As leaders, we are required to manage the focus of our people. When we manage the focus of our people, it means that we’re able to direct their emotions, efforts and energies. Leaders need to teach their people to focus forward.
So often, I walk into organisations and notice that people are focused on one of three things:
1. The Drama. They are asking the question “Why is this happening to me?” or “Why is this happening to us?” They are caught up in the emotional drama of the situation, which leaves them at absolute effect.
2. The Problem. They are asking “What is wrong?” or “What exactly is the problem?” This is a good focus to have but it’s not ultimately the best use of your energies and focus. This is kind of like trying to drive your car from the rearview mirror; if you focus backwards on the problem, then you won’t be able to drive effectively forward. It’s good to check in with the problem, but not good to spend too much time on it.
3. The Solution. They are asking the question “How do we want it to be?” Through studying human behaviour for the last 10 years, I’ve noticed a significant pattern among all of the best thinkers. They always get people to focus on how they want the situation to be, rather than how they don’t want it.
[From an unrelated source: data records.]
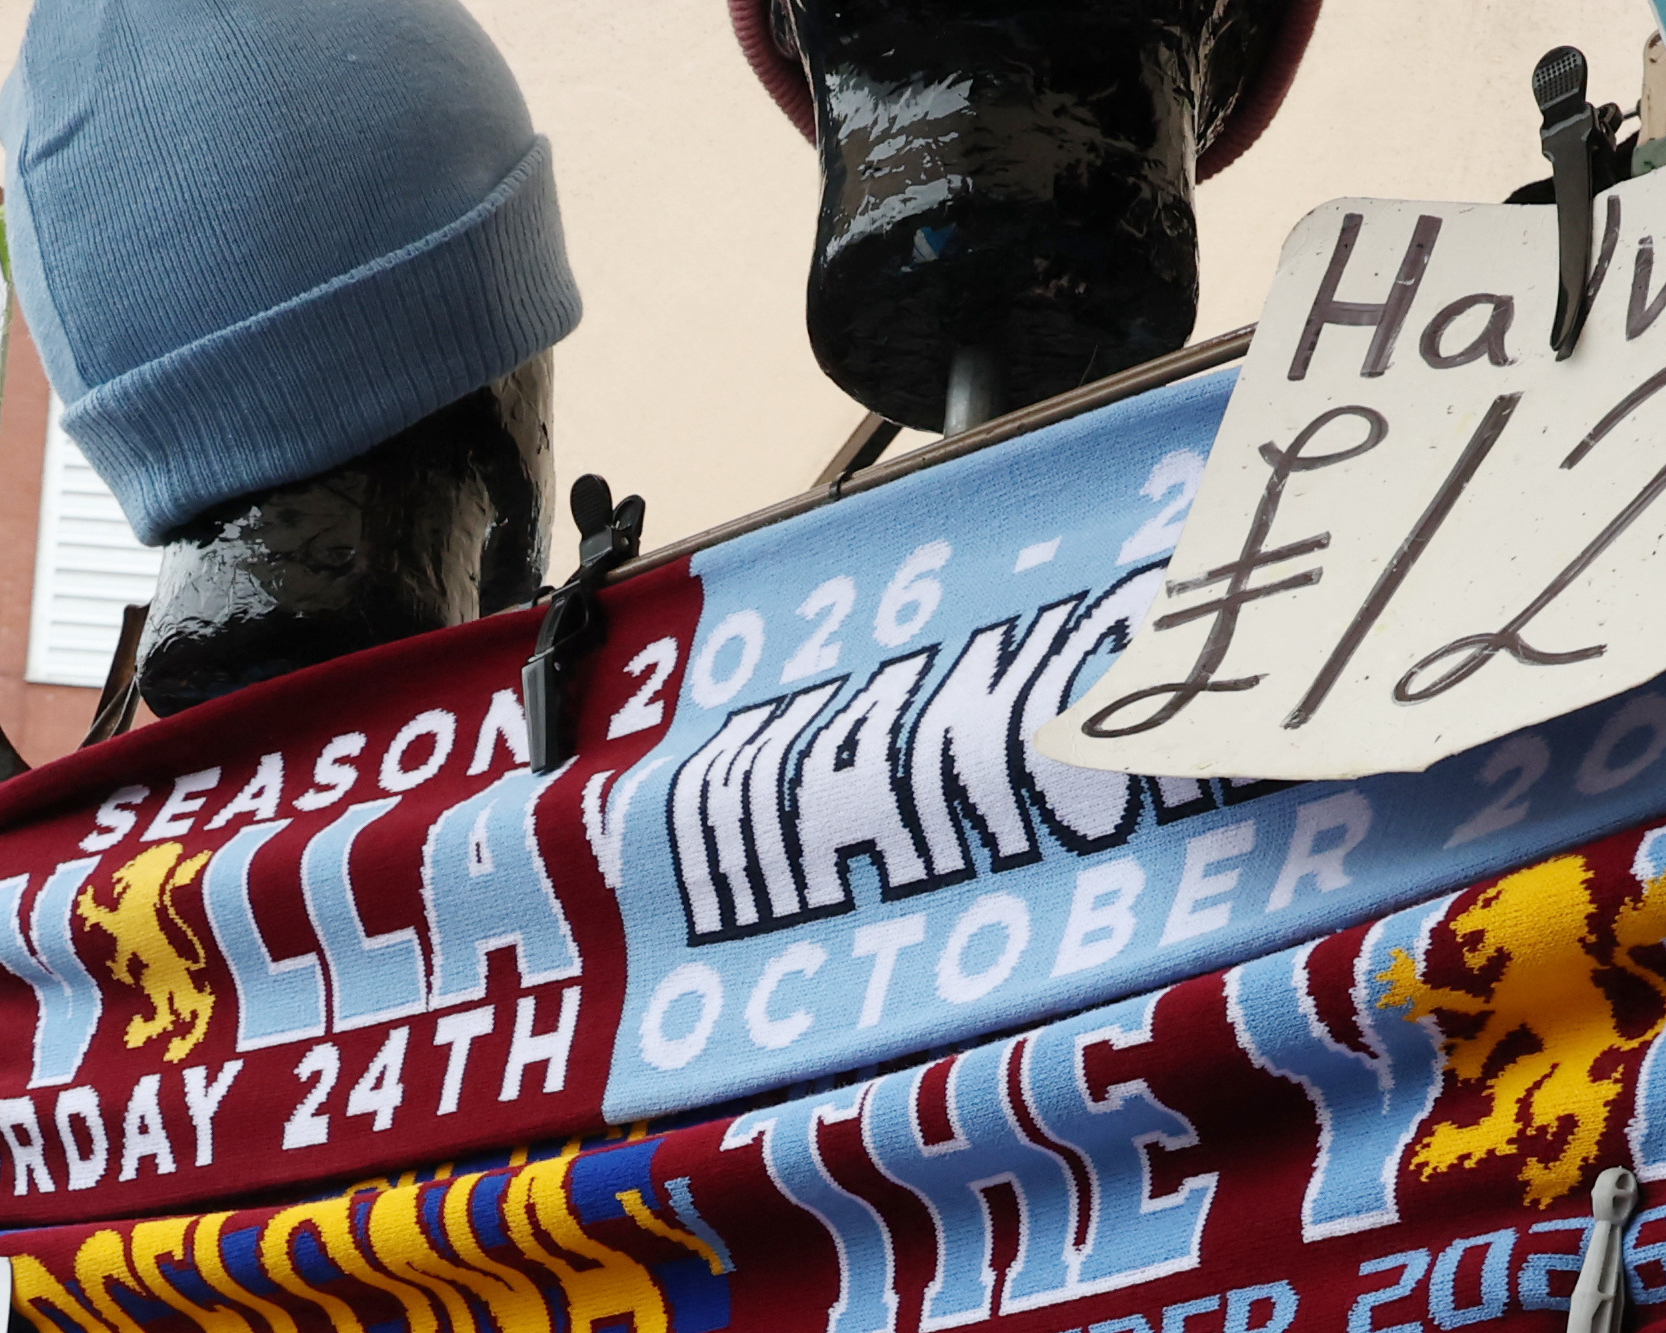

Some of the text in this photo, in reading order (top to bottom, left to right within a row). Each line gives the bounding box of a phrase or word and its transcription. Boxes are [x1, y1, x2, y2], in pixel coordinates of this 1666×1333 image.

[79, 687, 531, 853] SEASON
[607, 538, 953, 740] 2026
[282, 985, 583, 1149] 24TH
[638, 788, 1377, 1072] OCTOBER
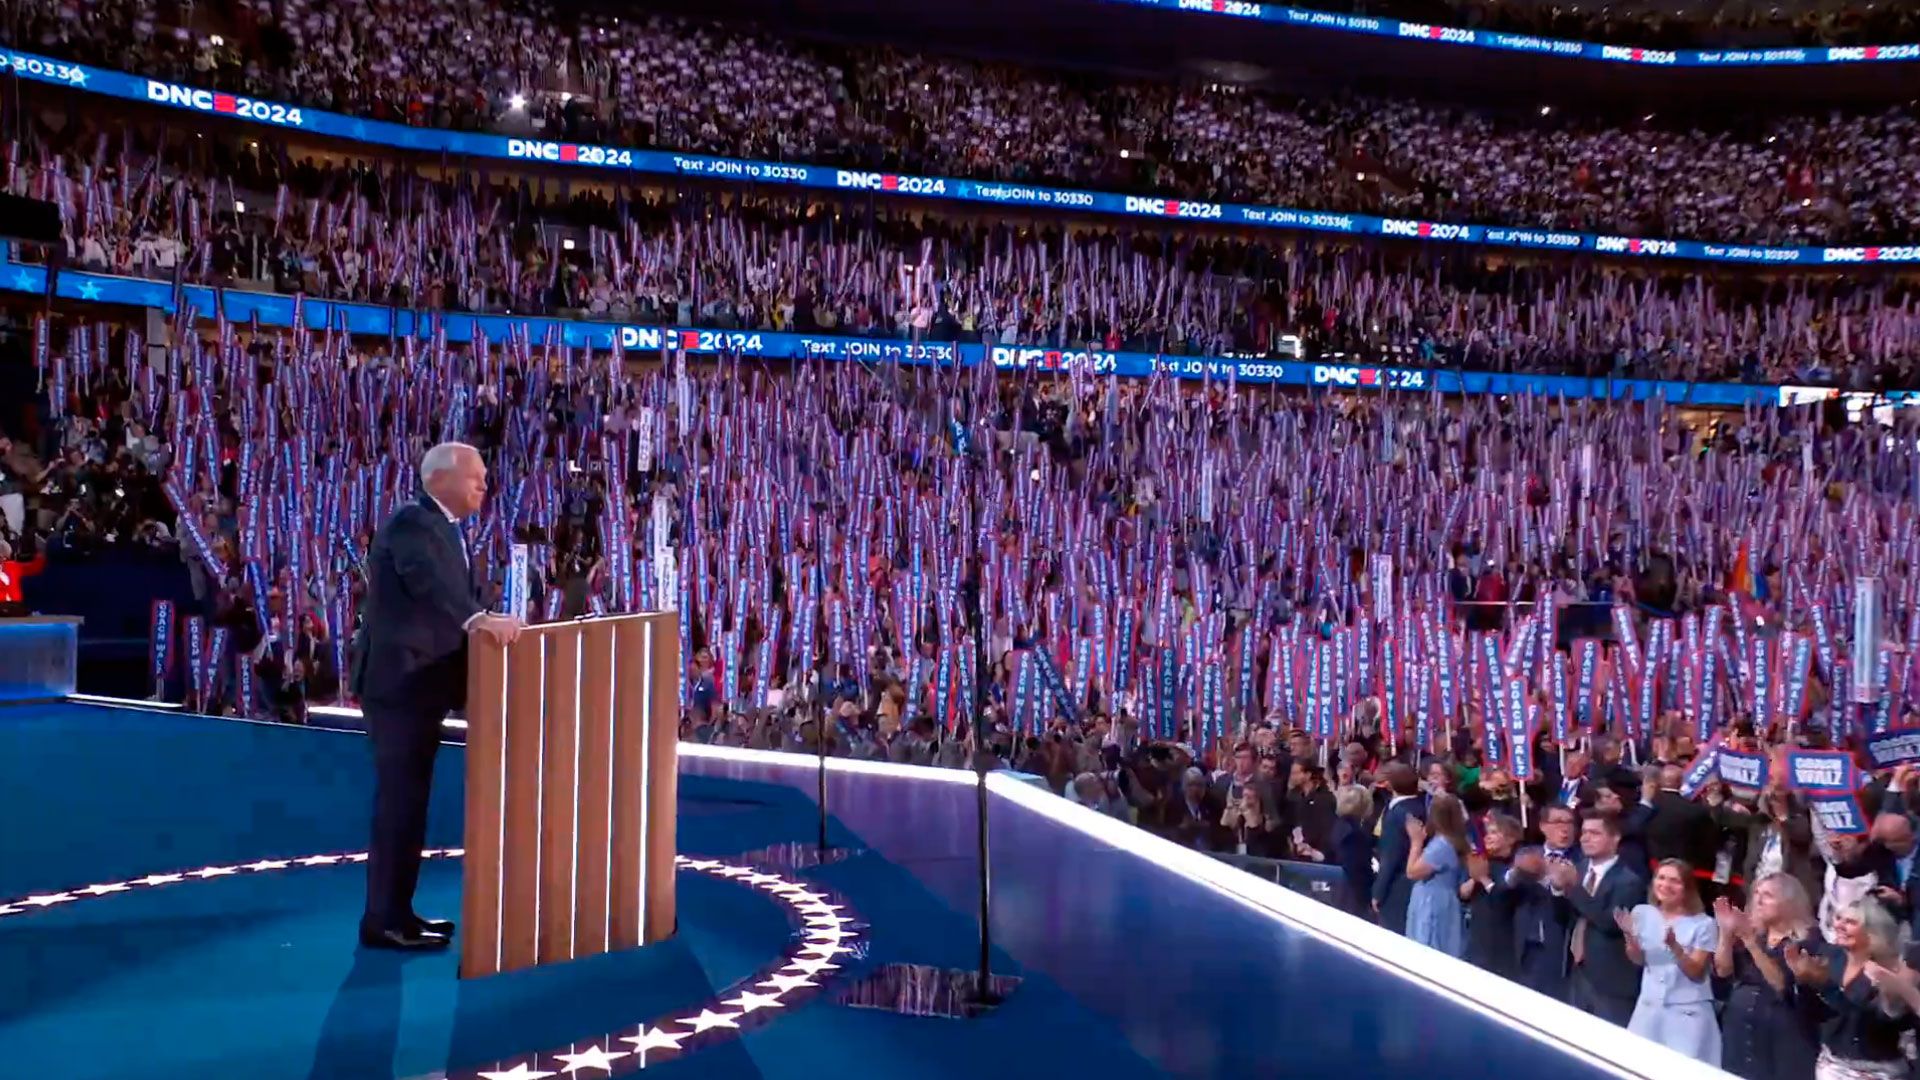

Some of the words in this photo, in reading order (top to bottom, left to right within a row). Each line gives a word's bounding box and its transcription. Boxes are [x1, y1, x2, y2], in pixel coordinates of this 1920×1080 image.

Our brain can only process positives. What I mean by that is that if I told you not to think of a blue tree, you would think of a blue tree. Our brain is designed to focus specifically on what we are talking about, even if we’re trying not to focus on it. The key here is: focus your attention on your desired outcome. Get a really clear idea of how you would like it to be, then make it how you want it.
Let me give you three questions that will help to guide your staff members and managers when you have a conversation with them, to focus forward:
1. How would you like it to be? (Very simple question but one of the most powerful.)
2. If it was how you would like it to be, what would you be seeing, hearing and noticing?
3. If you knew what to do to move this project one step forward, what would it be? (I like this question because it helps them to focus forward but also has the presupposition that they know the answer.)
This week, teach your people to focus forward on the solution, rather than backwards on the problem.